Journal of Cheminformatics | 2017
Alioune Schurz; Bo-Han Su; Yi-Shu Tu; Tony Tsung-Yu Lu; Olivia A. Lin; Yufeng J. Tseng
GPU acceleration is useful in solving complex chemical information problems. Identifying unknown structures from the mass spectra of natural product mixtures has been a desirable yet unresolved issue in metabolomics. However, this elucidation process has been hampered by complex experimental data and the inability of instruments to completely separate different compounds. Fortunately, with current high-resolution mass spectrometry, one feasible strategy is to define this problem as extending a scaffold database with sidechains of different probabilities to match the high-resolution mass obtained from a high-resolution mass spectrum. By introducing a dynamic programming (DP) algorithm, it is possible to solve this NP-complete problem in pseudo-polynomial time.
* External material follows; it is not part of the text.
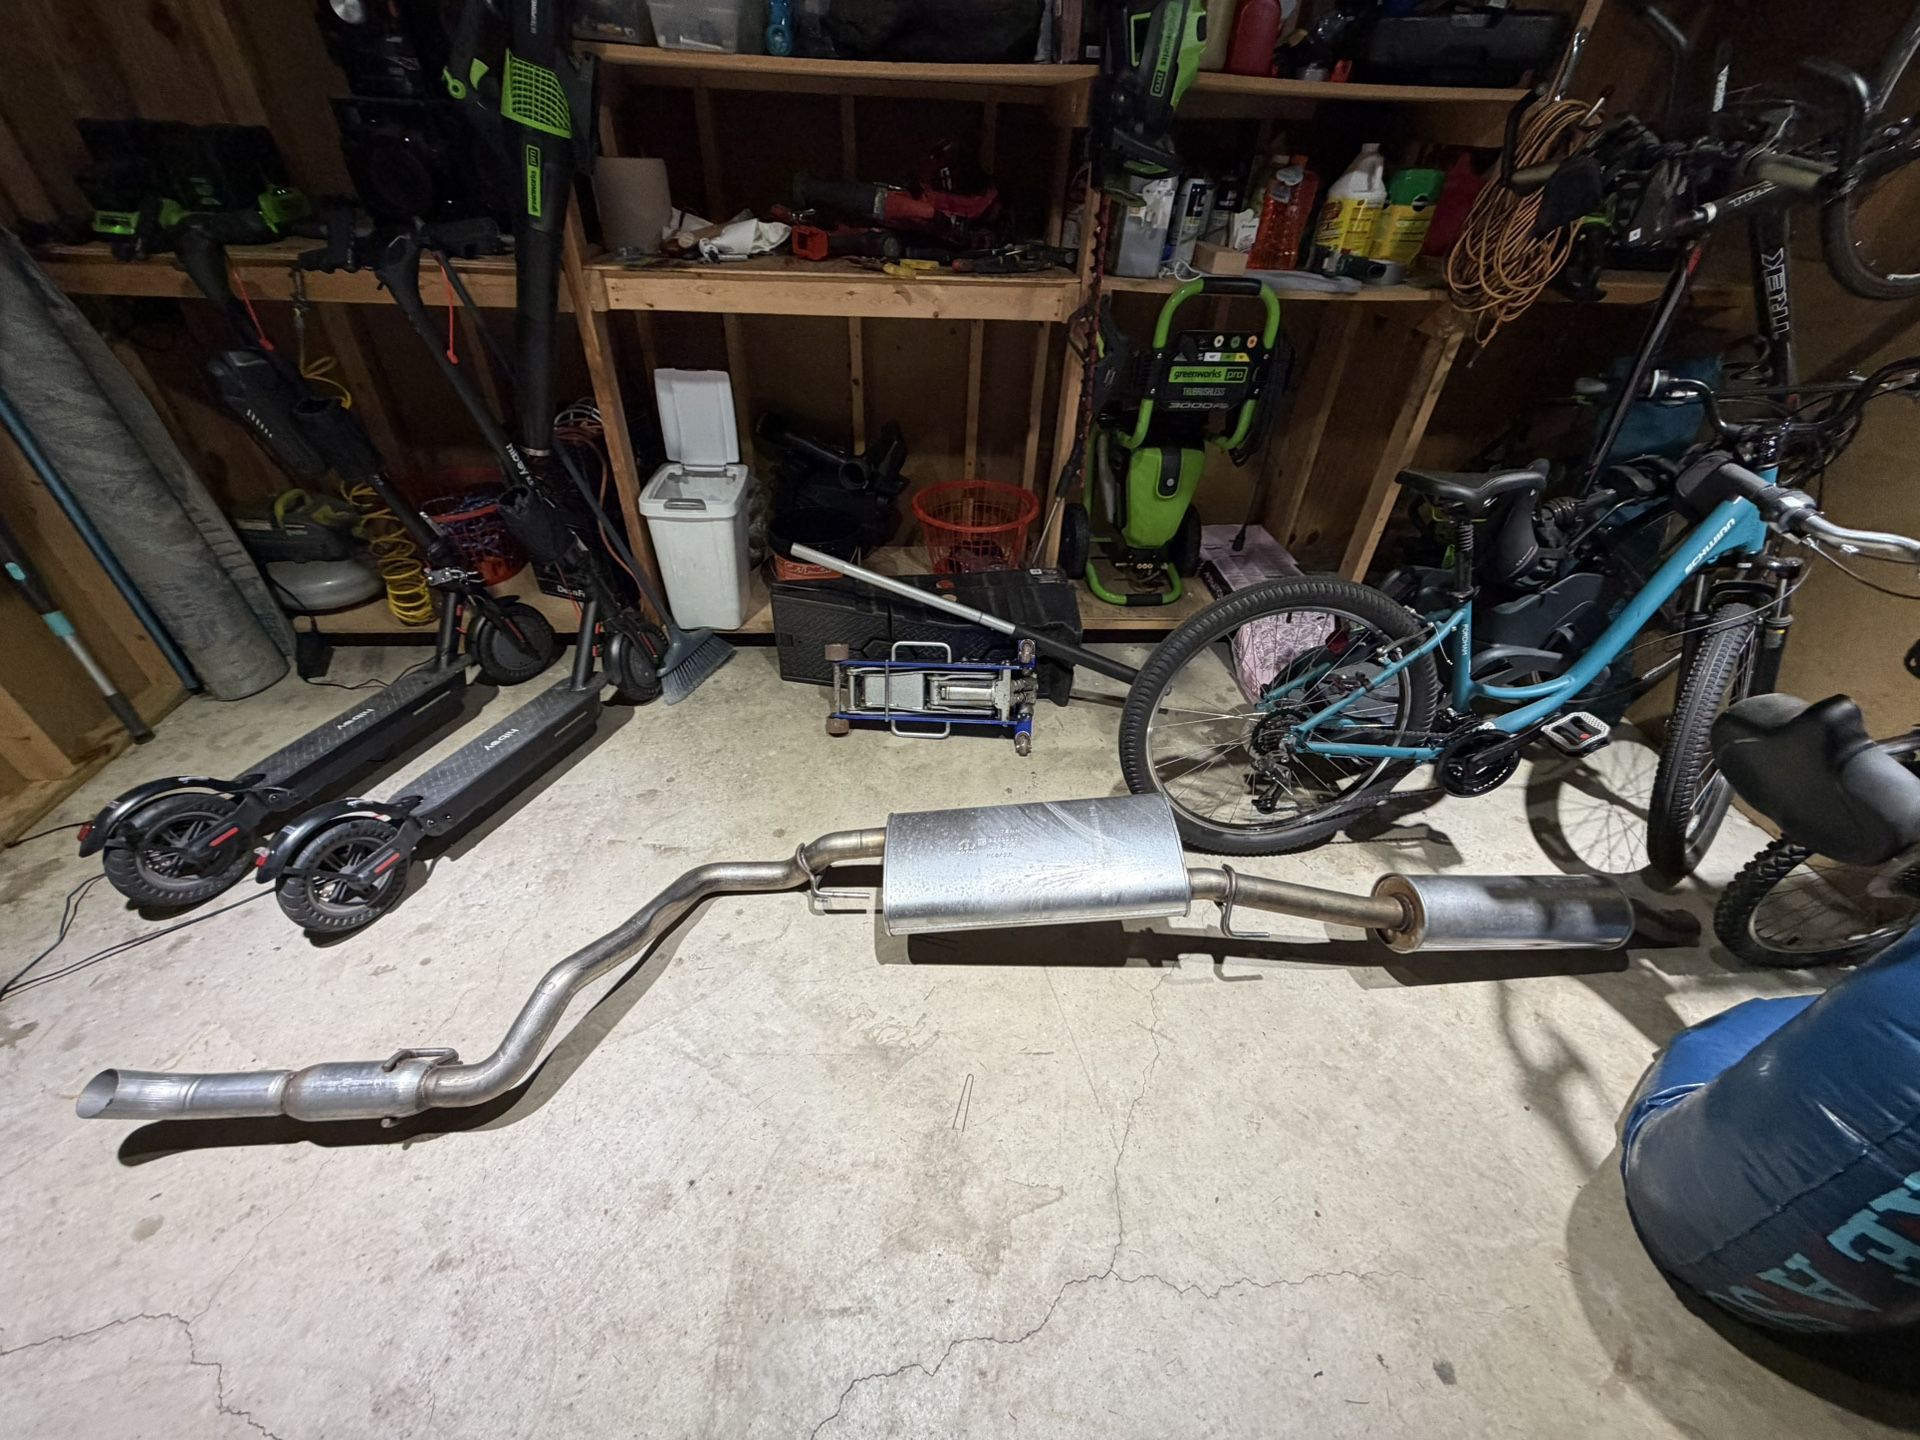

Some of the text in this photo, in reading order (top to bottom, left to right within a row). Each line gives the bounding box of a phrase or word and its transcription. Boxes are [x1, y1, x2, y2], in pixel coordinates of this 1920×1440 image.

[1760, 247, 1790, 335] TREK
[1173, 369, 1244, 380] greenworks pro
[1684, 518, 1735, 575] SCHWINN
However, the running time of the DP algorithm grows by orders of magnitude as the number of mass decimal digits increases, thus limiting the boost in structural prediction capabilities. By harnessing the heavily parallel architecture of modern GPUs, we designed a “compute unified device architecture” (CUDA)-based GPU-accelerated mixture elucidator (G.A.M.E.) that considerably improves the performance of the DP, allowing up to five decimal digits for input mass data. As exemplified by four testing datasets with verified constitutions from natural products, G.A.M.E. allows for efficient and automatic structural elucidation of unknown mixtures for practical procedures.Graphical abstract.